We would like to be able to read in the dimensions of the
image from the .ppm header and then declare the pixmap
array using the actual dimensions of the image.
There is no good way to do that in C because dimensions of
static arrays are not allowed to be variables.
Possible approaches to the unknown dimension problem
Thus there are two ways to approach the problem:
1. The naive way:
unsigned char pixmap[MAX_ROWS][MAX_COLS];
where MAX_ROWS and MAX_COLS represent the
dimensions of the largest image our program is able to
handle.
This approach
• wastes space
• forces us to read or write the image one row at a time.
• constrains the program to work only with images
having size within the predefined limits
2. The correct way:
Use a single dimensional malloc'd array and handle the
indexing ourselves
Using a single dimension array to represent 2-D data
Suppose the integer variables numrows and numcols
represent the number of rows and columns in the image and
that they have been correctly set using information in the
.ppm header.
Grayscale images
Space for a grayscale image encoded in binary can be
allocated by:
unsigned char* imageloc;
imageloc = (unsigned char *)malloc(numrows * numcols);
To read in the grayscale image from the standard input:
pixcount = fread(imageloc, 1, numrows * numcols, stdin);
if (pixcount != numrows * numcols)
{
fprintf(stderr, “pix count err - wanted %d got %d \n”,
numrows * numcols, pixcount);
exit(1);
}
Processing an image one row at a time
In this example we print pixel values of an entire image with
one line of output per row of pixel data:
for (row = 0; row < numrows; row = row + 1)
{
unsigned char* loc;
loc = imageloc + row * numcols; // first pix in row
printf(“\n”);
for (col = 0; col < numcols; col = col + 1)
{
printf(“%03x”, *loc);
loc = loc + 1;
}
}
Color images
A color image is often called an rgb image because the red,
green, and blue intensities of each pixel are stored together.
Space for a color image in binary rgb format can be allocated
by:
unsigned char* imageloc;
imageloc = (unsigned char *)malloc(3 * numrows * numcols);
To read in the rgb image:
pixcount = fread(imageloc, 3, numrows * numcols, stdin);
if (pixcount != numrows * numcols)
{
fprintf(stderr, “pix count err - wanted %d got %d \n”,
numrows * numcols, pixcount);
exit(1);
}
Accessing a specific element in malloc'd 2-dimensional data
The value of any grayscale pixel at location (row, col) within
the image is accessed in the following way:
*(imageloc + row * numcols + col)
or equivalently
imageloc[row * numcols + col]
For example, if the value of numcols is 10, then there are 10
pixels per image row.
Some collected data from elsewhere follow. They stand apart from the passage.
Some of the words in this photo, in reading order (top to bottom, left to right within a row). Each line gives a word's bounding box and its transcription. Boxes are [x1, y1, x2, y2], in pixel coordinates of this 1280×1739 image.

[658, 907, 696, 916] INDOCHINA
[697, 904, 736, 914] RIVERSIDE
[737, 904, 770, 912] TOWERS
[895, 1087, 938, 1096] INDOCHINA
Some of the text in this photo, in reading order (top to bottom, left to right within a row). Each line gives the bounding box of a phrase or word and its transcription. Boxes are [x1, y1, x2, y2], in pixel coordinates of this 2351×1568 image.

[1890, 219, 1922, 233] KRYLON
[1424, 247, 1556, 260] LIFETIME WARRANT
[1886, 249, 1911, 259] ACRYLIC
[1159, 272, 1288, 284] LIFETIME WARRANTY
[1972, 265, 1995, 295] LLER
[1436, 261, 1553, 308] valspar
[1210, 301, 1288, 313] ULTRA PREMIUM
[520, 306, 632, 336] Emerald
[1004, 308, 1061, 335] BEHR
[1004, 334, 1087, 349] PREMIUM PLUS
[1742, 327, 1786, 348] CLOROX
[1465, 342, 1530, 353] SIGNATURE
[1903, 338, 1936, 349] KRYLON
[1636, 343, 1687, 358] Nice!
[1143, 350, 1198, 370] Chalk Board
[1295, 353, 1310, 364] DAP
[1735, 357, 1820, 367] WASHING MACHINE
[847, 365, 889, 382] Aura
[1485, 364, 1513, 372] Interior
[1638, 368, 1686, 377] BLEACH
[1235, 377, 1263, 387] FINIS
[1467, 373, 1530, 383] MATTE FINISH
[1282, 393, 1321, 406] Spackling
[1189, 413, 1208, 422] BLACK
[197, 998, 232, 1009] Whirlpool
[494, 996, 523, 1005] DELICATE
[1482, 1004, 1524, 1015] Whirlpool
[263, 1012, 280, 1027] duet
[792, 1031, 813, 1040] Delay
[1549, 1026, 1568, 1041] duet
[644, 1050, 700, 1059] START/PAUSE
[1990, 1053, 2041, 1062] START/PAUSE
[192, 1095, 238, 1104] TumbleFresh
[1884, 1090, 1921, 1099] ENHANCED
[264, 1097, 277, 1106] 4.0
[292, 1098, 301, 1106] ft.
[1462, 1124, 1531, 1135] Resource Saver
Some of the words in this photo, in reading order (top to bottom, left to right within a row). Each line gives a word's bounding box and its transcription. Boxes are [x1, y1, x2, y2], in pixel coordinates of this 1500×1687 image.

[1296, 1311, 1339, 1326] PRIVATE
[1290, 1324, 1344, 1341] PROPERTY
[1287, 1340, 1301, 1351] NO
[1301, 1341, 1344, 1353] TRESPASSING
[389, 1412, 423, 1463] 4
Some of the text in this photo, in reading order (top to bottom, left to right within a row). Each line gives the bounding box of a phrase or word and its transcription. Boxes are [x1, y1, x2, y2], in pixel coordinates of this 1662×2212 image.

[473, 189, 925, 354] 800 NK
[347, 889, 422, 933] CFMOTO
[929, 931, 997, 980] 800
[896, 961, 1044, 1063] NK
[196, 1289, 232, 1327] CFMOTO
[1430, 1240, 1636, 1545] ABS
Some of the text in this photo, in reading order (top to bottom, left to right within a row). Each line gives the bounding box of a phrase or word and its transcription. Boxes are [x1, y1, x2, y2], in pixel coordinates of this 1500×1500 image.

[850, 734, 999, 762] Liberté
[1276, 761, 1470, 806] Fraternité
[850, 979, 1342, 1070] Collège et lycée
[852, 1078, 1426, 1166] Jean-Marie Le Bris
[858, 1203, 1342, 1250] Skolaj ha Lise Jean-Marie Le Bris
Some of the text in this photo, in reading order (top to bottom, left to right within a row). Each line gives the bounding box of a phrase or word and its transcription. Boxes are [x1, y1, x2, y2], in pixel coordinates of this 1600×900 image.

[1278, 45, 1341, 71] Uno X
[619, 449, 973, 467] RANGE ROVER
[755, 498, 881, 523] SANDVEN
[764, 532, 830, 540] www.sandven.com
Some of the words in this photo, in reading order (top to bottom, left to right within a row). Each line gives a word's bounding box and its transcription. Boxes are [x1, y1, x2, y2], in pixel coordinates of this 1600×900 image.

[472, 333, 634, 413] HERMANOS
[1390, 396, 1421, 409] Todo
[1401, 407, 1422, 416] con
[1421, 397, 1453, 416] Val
To reach the pixel whose (row, column)
address is (3, 5) it is necessary to pass over three complete
rows (row 0, row 1, and row 2) and 5 pixels in row three
(pixels 0, 1, 2, 3, and 4).
Thus, the offset of the pixel at (3, 5) is 3 * 10 + 5 as shown
above.
Floating point images
Even though the pixels of a binary grayscale image require
one byte of storage and those of a floating point image
require four bytes of storage. The value of a floating point
pixel at location (row, col) is also
*(imageloc + row * numcols + col)
Why? Because pointer arithmetic automagically takes into
account the size of the object pointed to and the C compiler
knows that unsigned chars require one byte and floats
require 4.
Accessing the individual pixels of the binary rgb image
Here the process is slightly grubbier because each pixel is
represented by three constituent components (r, g, and b),
where each of (r, g, and b) are represented by a single
unsigned char. Nevertheless, a bit of reflection yields:
red = *(imageloc + 3 * row * numcols + 3 * col);
green = *(imageloc + 3 * row * numcols + 3 * col + 1);
blue = *(imageloc + 3 * row * numcols + 3 * col + 2);
It is necessary to multiply by 3 because each pixel occupies
three bytes of memory. Since our pointer is a pointer to type
unsigned char which is a single byte, there is no magic
available from the compiler to help us out here.